━━━━━ Data to examine ━━━━━
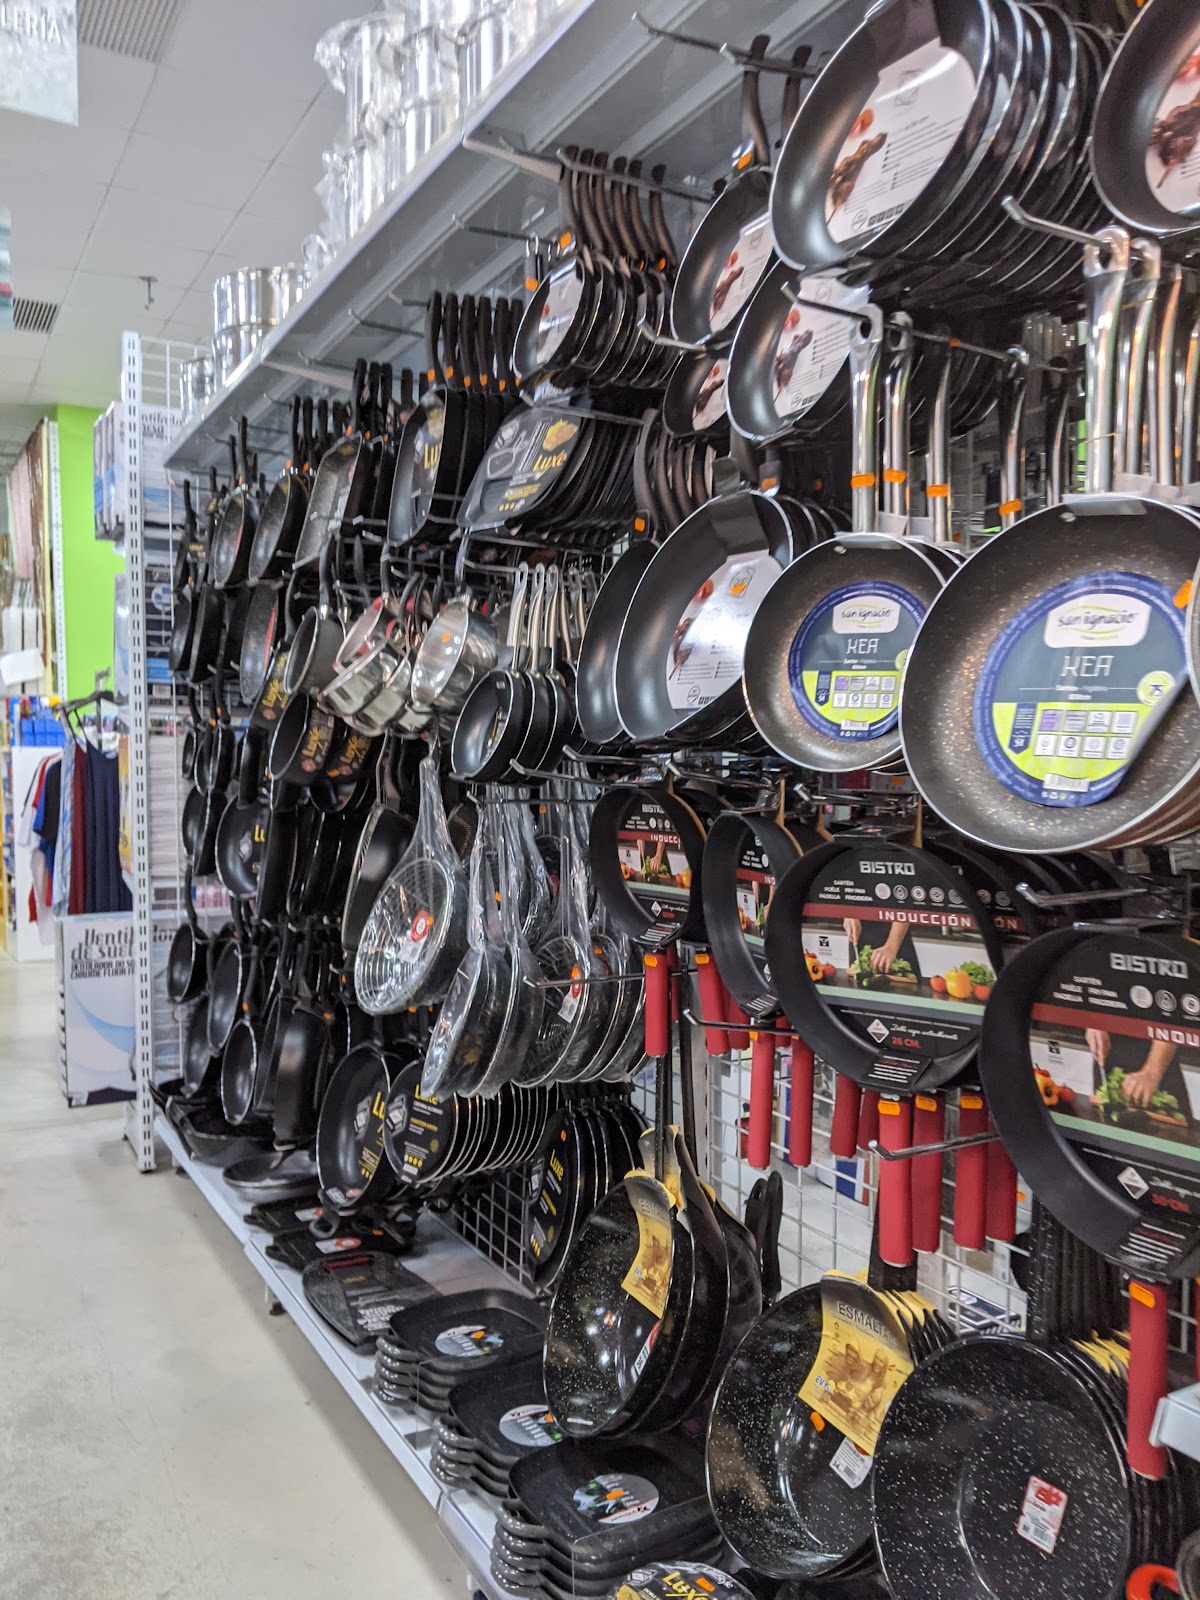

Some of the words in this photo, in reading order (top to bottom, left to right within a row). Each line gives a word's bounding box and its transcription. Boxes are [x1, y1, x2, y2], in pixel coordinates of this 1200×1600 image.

[532, 449, 568, 476] Luxe
[846, 638, 880, 655] KEA
[1060, 655, 1115, 677] KEA
[859, 860, 916, 876] BISTRO
[878, 910, 971, 927] INDUCCIÓN
[1110, 952, 1188, 980] BISTRO
[549, 1151, 564, 1182] Luxe
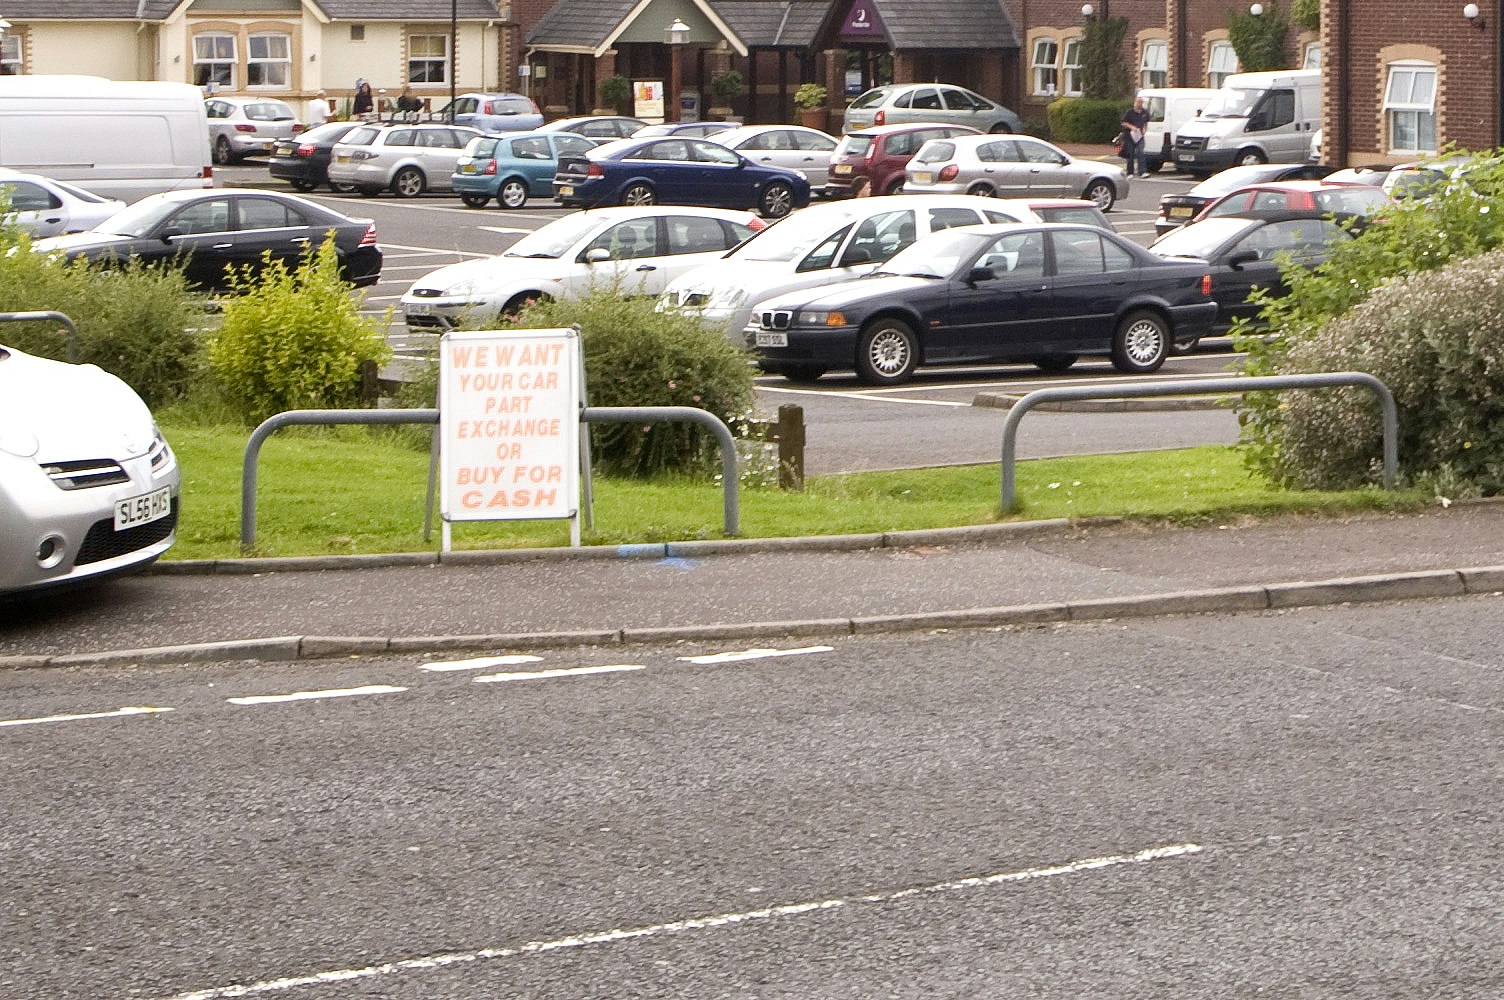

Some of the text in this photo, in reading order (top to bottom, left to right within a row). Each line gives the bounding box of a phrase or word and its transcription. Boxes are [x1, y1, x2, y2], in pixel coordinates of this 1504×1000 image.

[452, 344, 564, 368] WE WANT
[459, 372, 559, 392] YOUR CAR
[485, 396, 534, 414] PART
[457, 418, 561, 439] EXCHANGE
[496, 442, 522, 460] OR
[456, 465, 562, 485] BUY FOR
[462, 489, 558, 509] CASH
[120, 497, 151, 524] SL56
━━━━━
**What is required:**
Your response should be the exact lines running from the one with "Some of the text" to the final line of the material above.

**Solved problem:**
Some of the text in this photo, in reading order (top to bottom, left to right within a row). Each line gives the bounding box of a phrase or word and its transcription. Boxes are [x1, y1, x2, y2], in pixel coordinates of this 1504×1000 image.

[452, 344, 564, 368] WE WANT
[459, 372, 559, 392] YOUR CAR
[485, 396, 534, 414] PART
[457, 418, 561, 439] EXCHANGE
[496, 442, 522, 460] OR
[456, 465, 562, 485] BUY FOR
[462, 489, 558, 509] CASH
[120, 497, 151, 524] SL56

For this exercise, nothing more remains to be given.